• **What needs to be done**: For this exercise, return all the data word for word, with images left out.

• **Supplied material**:
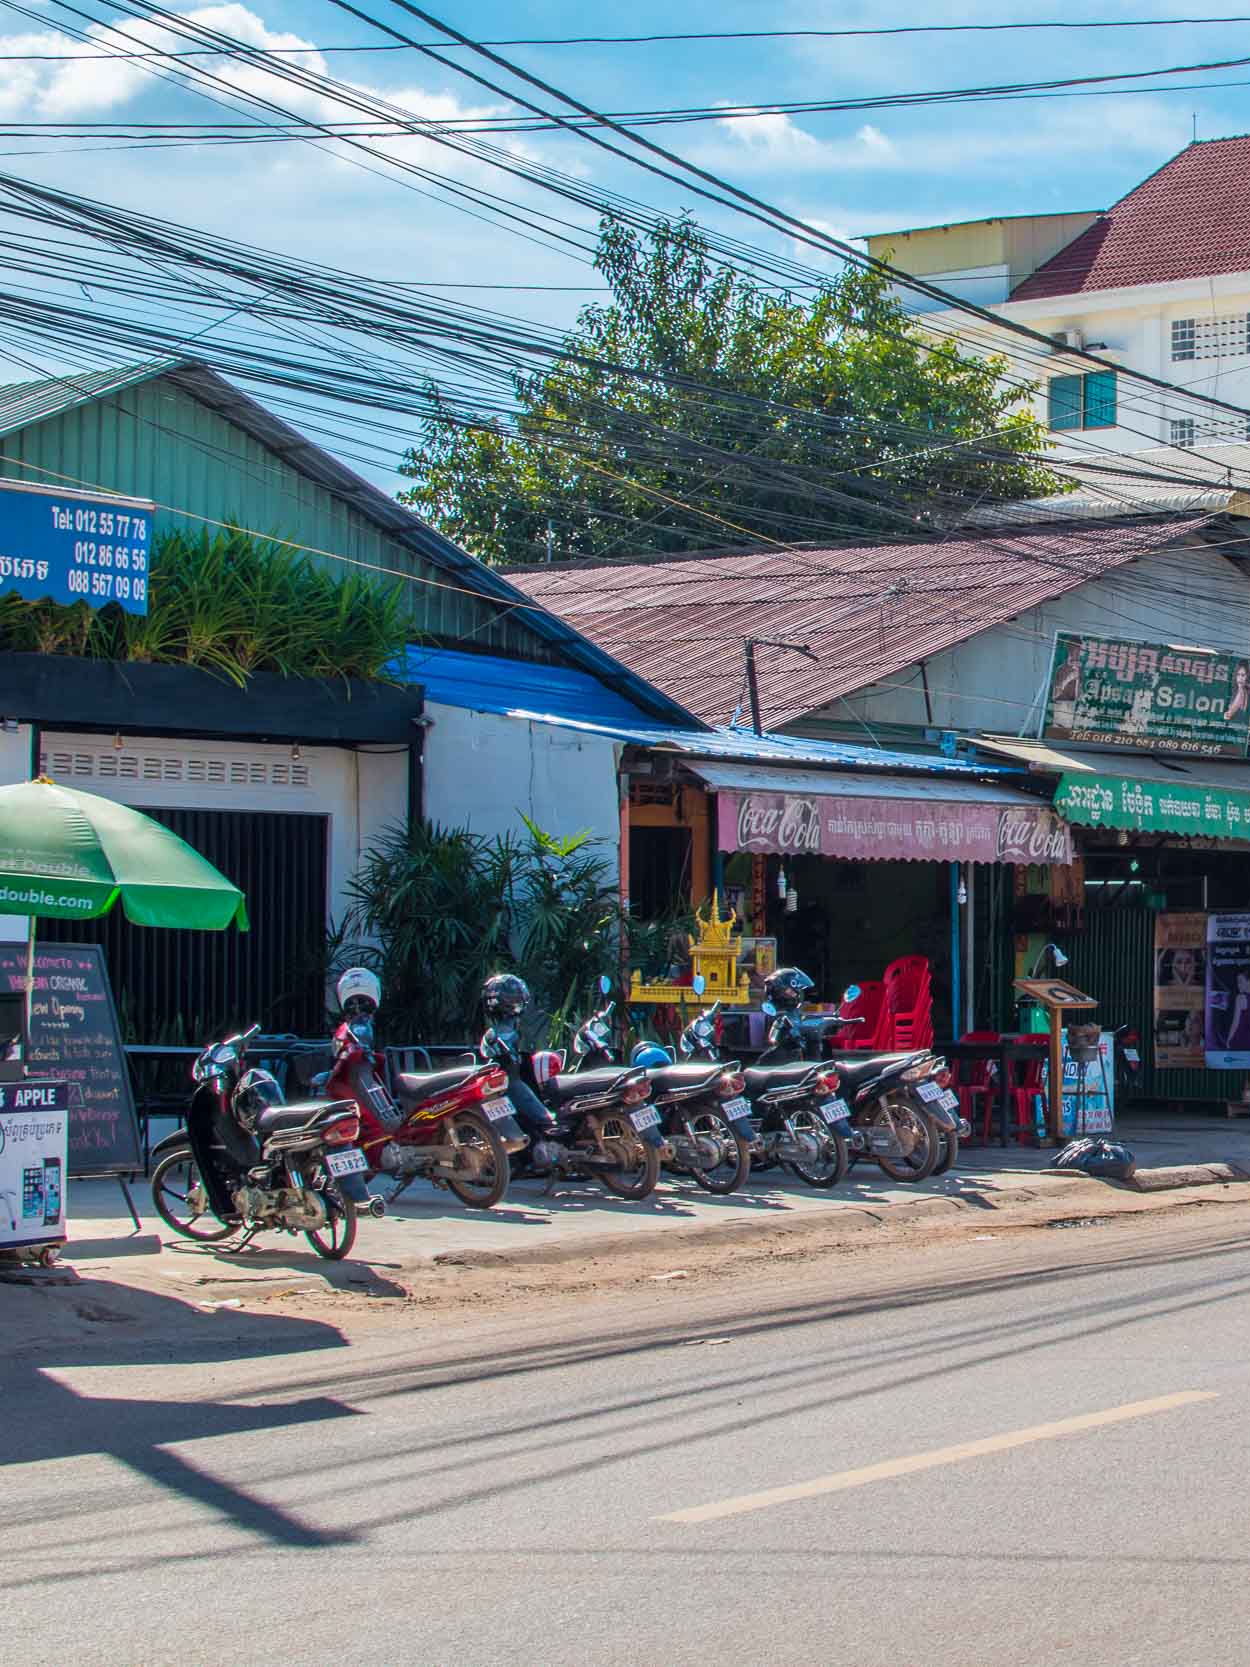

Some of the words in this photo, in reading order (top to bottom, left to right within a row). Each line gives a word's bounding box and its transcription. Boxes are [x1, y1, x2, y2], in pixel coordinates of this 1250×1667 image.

[51, 505, 74, 530] Tel:
[75, 509, 97, 533] 012
[99, 512, 114, 536] 55
[116, 514, 130, 538] 77
[131, 518, 146, 540] 78
[74, 541, 97, 565] 012
[98, 545, 113, 567] 86
[114, 546, 129, 569] 66
[131, 548, 146, 571] 56
[67, 569, 89, 593] 088
[92, 572, 113, 596] 567
[115, 575, 130, 599] 09
[132, 578, 146, 600] 09
[1156, 686, 1226, 713] Salon
[1092, 733, 1113, 744] 016
[1114, 735, 1134, 745] 210
[15, 1087, 56, 1107] APPLE

• **Answer space**:
Some of the words in this photo, in reading order (top to bottom, left to right within a row). Each line gives a word's bounding box and its transcription. Boxes are [x1, y1, x2, y2], in pixel coordinates of this 1250×1667 image.

[51, 505, 74, 530] Tel:
[75, 509, 97, 533] 012
[99, 512, 114, 536] 55
[116, 514, 130, 538] 77
[131, 518, 146, 540] 78
[74, 541, 97, 565] 012
[98, 545, 113, 567] 86
[114, 546, 129, 569] 66
[131, 548, 146, 571] 56
[67, 569, 89, 593] 088
[92, 572, 113, 596] 567
[115, 575, 130, 599] 09
[132, 578, 146, 600] 09
[1156, 686, 1226, 713] Salon
[1092, 733, 1113, 744] 016
[1114, 735, 1134, 745] 210
[15, 1087, 56, 1107] APPLE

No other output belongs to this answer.